====== Task material
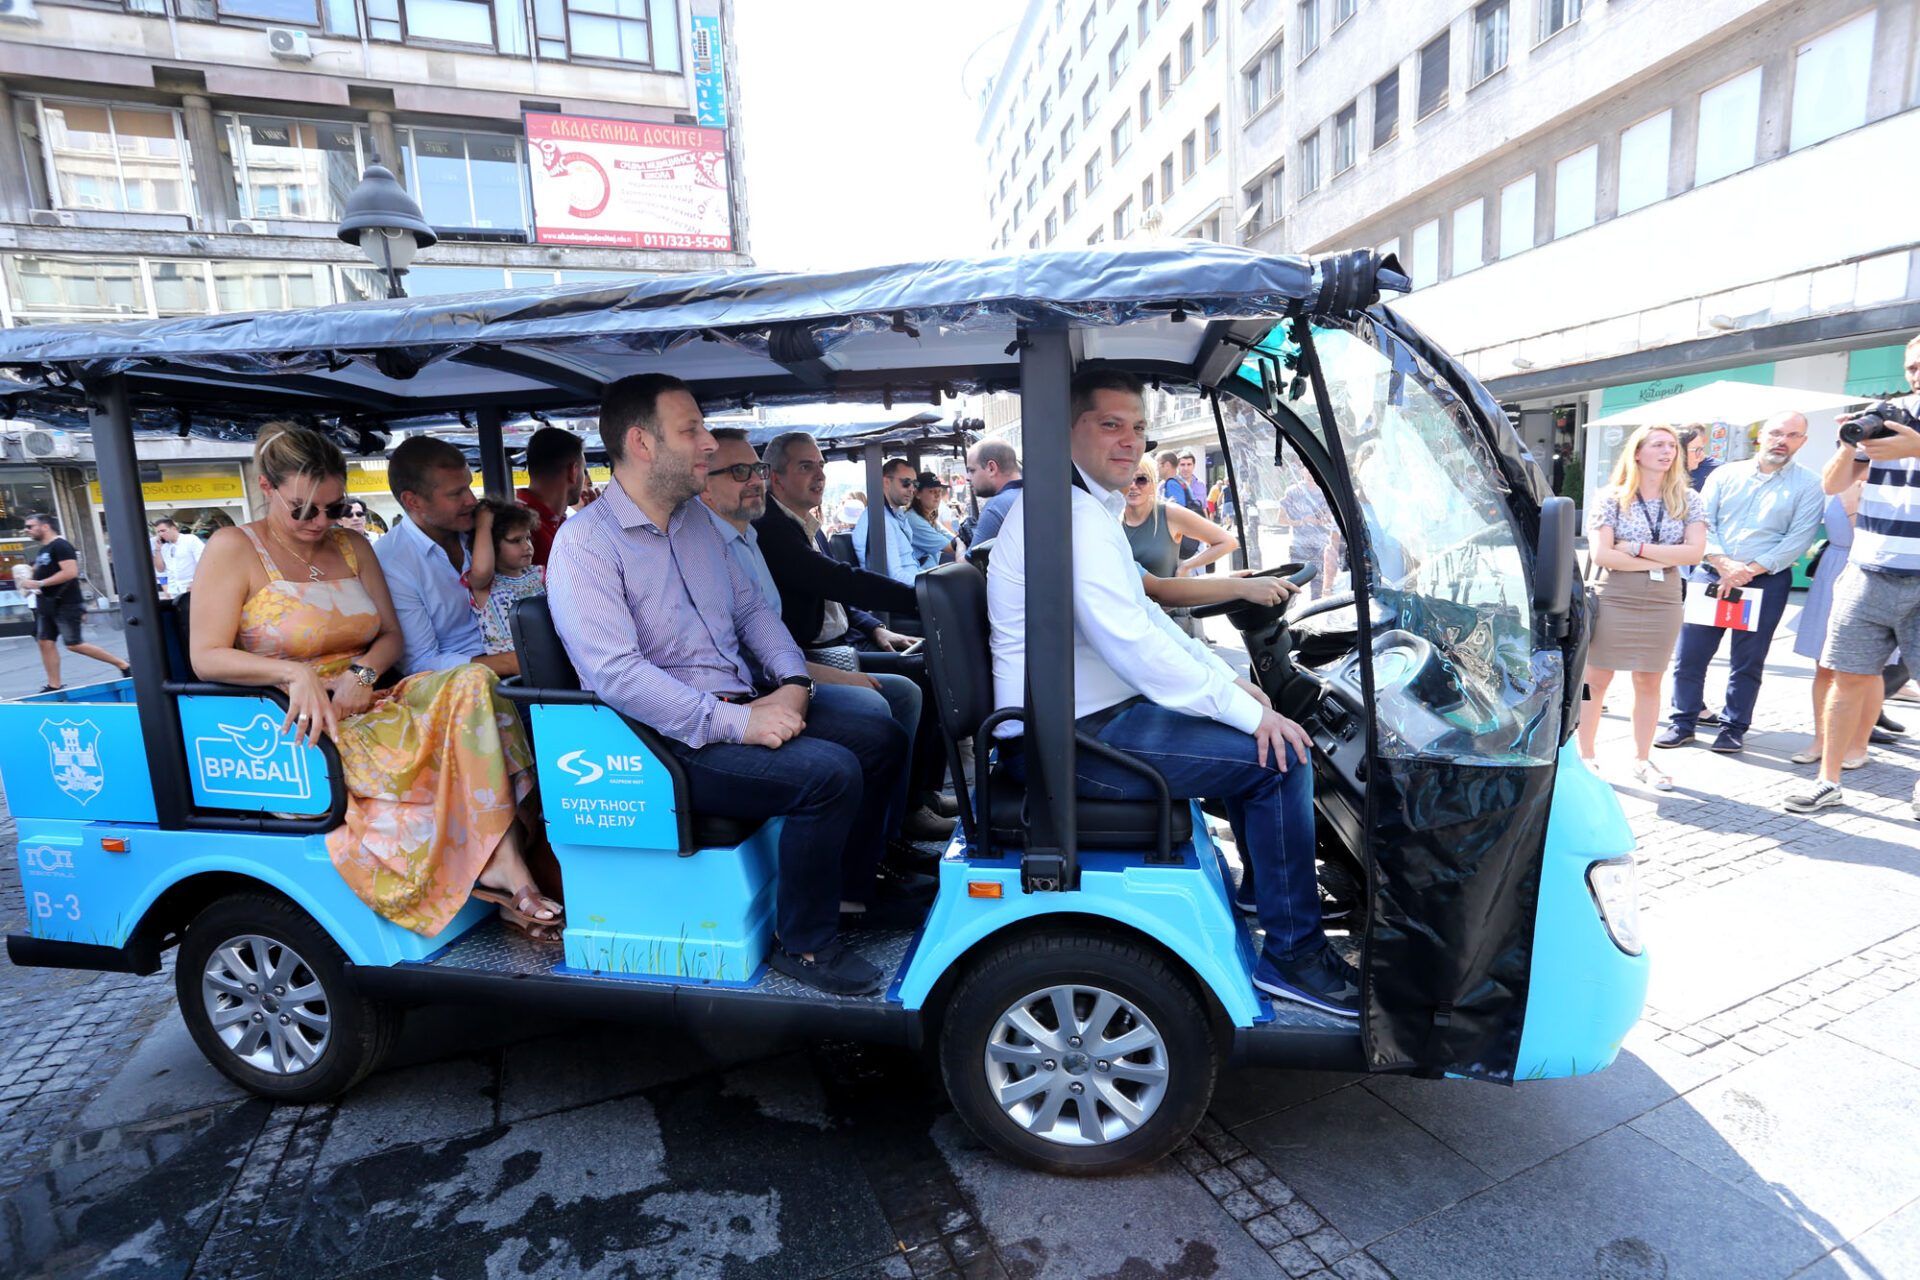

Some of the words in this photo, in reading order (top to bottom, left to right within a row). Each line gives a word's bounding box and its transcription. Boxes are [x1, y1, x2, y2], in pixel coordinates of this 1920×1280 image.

[551, 119, 639, 142] АКАДЕМИЈА
[643, 128, 702, 147] ДОСИТЕЈ
[643, 233, 728, 250] 011/323-55-00
[1640, 383, 1685, 402] Katapult
[171, 484, 202, 494] IZLOG
[607, 755, 642, 771] NIS
[561, 798, 646, 812] БУДУЋНОСТ
[575, 813, 594, 825] НА
[598, 814, 636, 828] ДЕЛУ
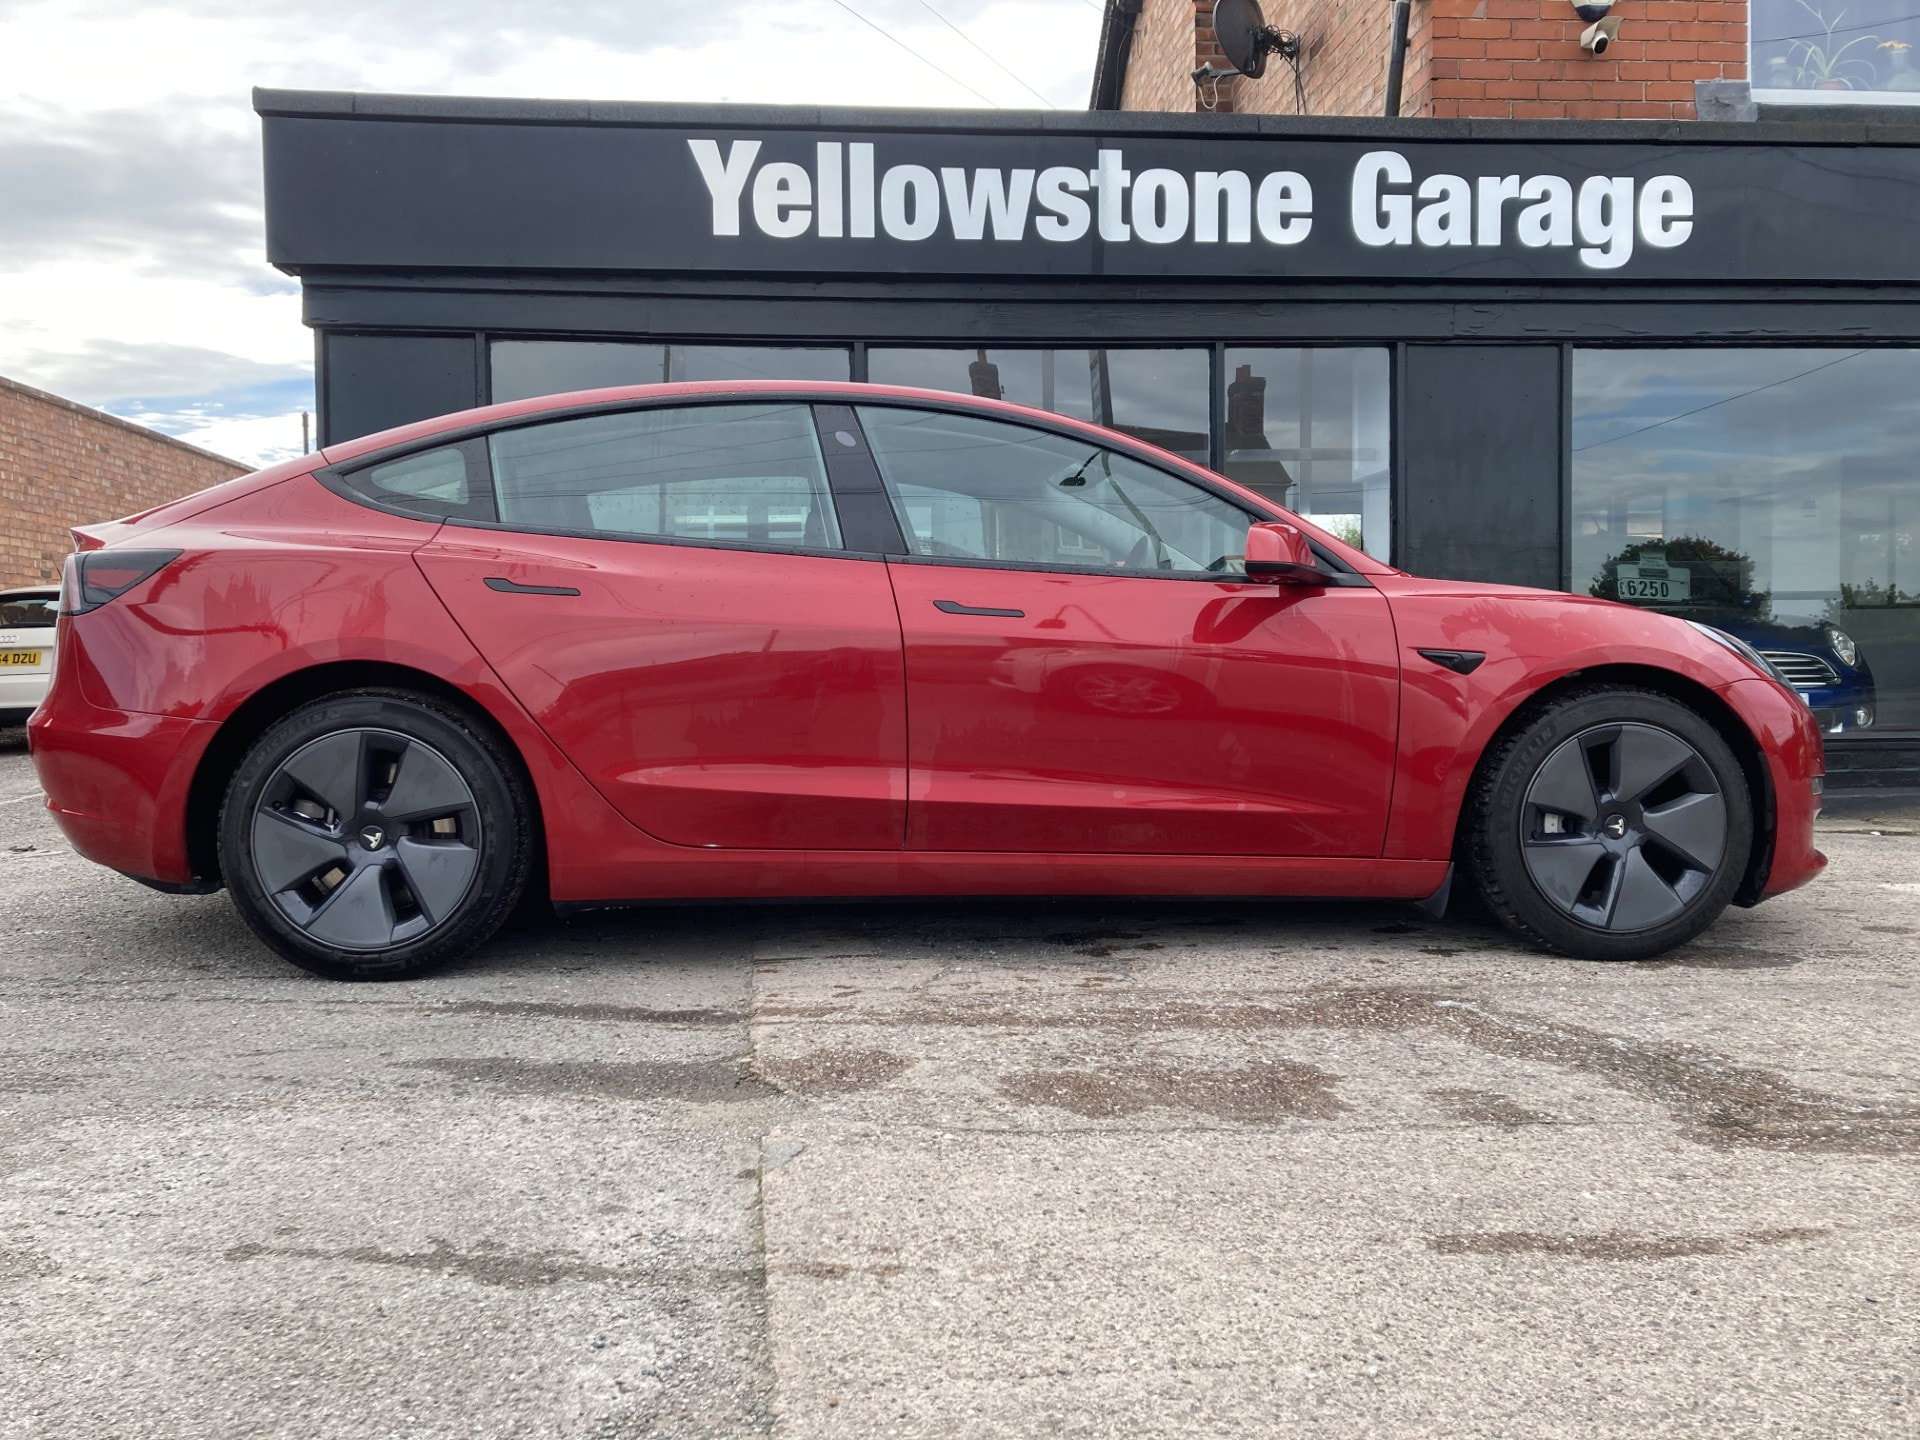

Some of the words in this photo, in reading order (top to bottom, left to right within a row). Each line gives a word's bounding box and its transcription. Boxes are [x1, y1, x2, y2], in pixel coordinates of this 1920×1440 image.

[687, 140, 1313, 245] Yellowstone
[1352, 151, 1694, 270] Garage
[1619, 580, 1669, 598] £6250
[12, 652, 37, 664] DZU
============
> What you should do: Exact copies of the lines from the one containing "this 1920×1440 image." through the end of the listing, both included, are the only thing wanted.

> Output below:
Some of the words in this photo, in reading order (top to bottom, left to right within a row). Each line gives a word's bounding box and its transcription. Boxes are [x1, y1, x2, y2], in pixel coordinates of this 1920×1440 image.

[687, 140, 1313, 245] Yellowstone
[1352, 151, 1694, 270] Garage
[1619, 580, 1669, 598] £6250
[12, 652, 37, 664] DZU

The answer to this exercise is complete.